Mozart's father, Leopold, was one of Europe's leading music educators, and he took Mozart and his sister on tours throughout Europe. Young Mozart began composing original work at age five. During a trip to Italy, Mozart amazed his hosts when he listened only once to the performance of a Gregorio Allegri composition and then wrote it out from memory.
Mozart moved to Vienna in 1781, and in 1782 he married Constanze Weber. The couple had six children, but only two of them survived into adulthood. Mozart continued to compose music, and he wrote his famous opera The Marriage of Figaro (1786).

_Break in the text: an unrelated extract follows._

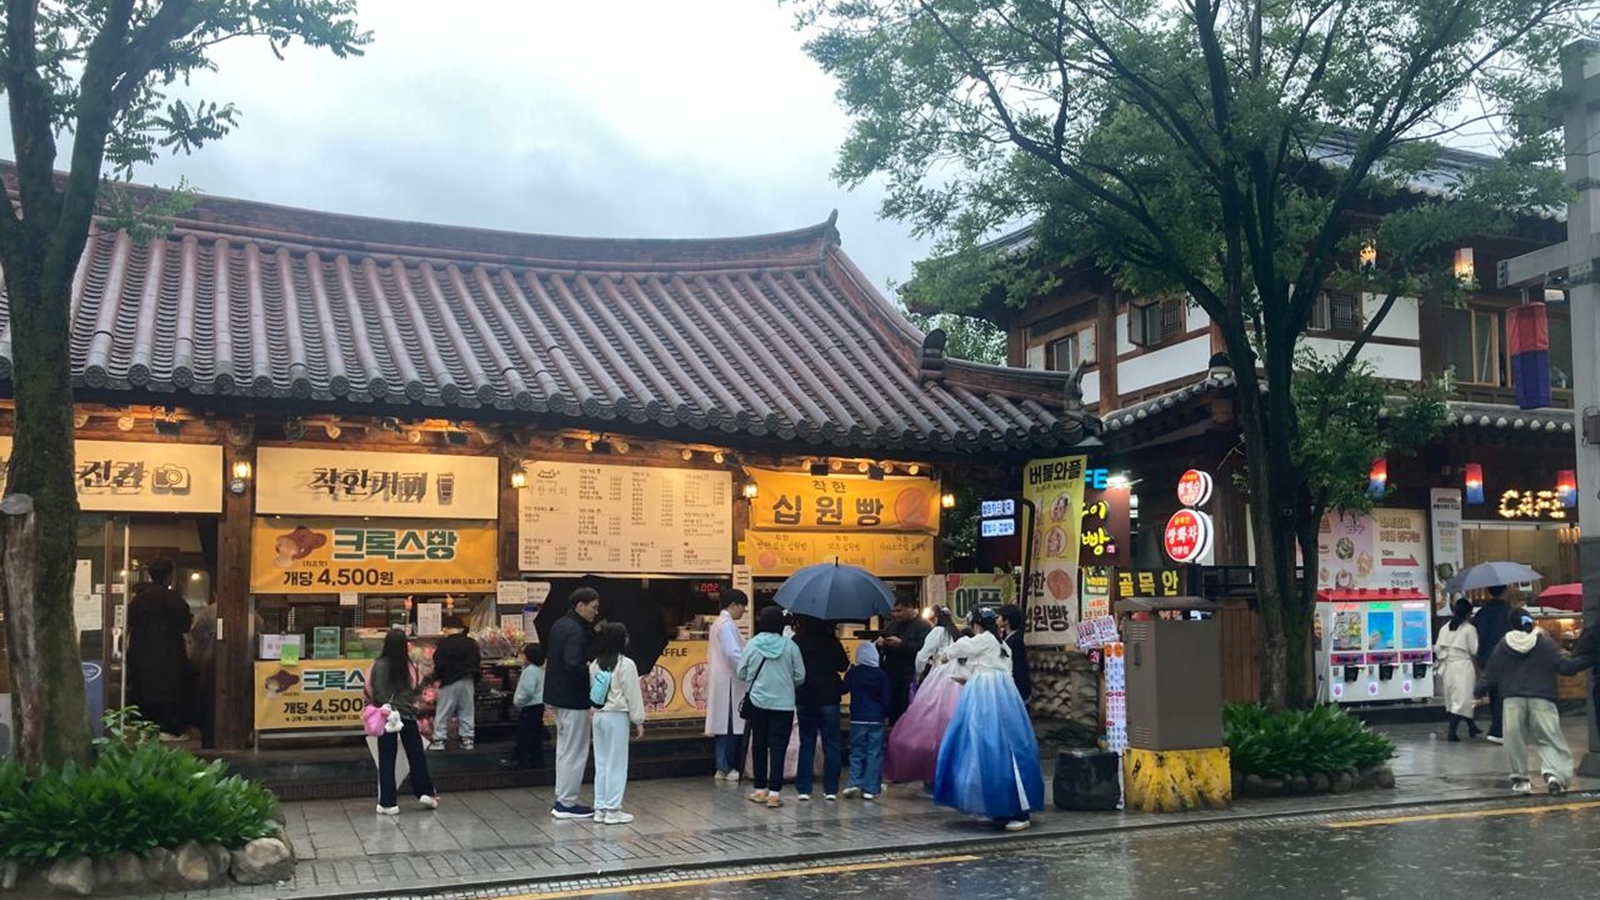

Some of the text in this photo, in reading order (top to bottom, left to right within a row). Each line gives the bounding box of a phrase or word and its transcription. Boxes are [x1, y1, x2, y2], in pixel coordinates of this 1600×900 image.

No one knows for sure why Mozart died at age 35. Many people speculate that he died of mercury poisoning while being treated for syphilis. Others think he died from eating badly cooked pork. Some insist that Mozart was murdered by his rival, Antonio Salieri. Mozart was buried in a mass grave because the country was battling an outbreak of bubonic plague, not because his family could not afford a proper burial.
Mozart said, "When I am, as it were, completely myself, entirely alone, and of good cheer — say traveling in a carriage, or walking after a good meal, or during the night when I cannot sleep — it is on such occasions that my ideas flow best, and most abundantly. Whence and how they come, I know not, nor can I force them."
That last quote is marvelous. Here is to great minds :)
p.s. The great writer Kurt Vonnegut was slammed by Fox's James Rosen in his obituary. I wonder how the mainstream will paint Updike? Interesting.
Is this fair and balanced??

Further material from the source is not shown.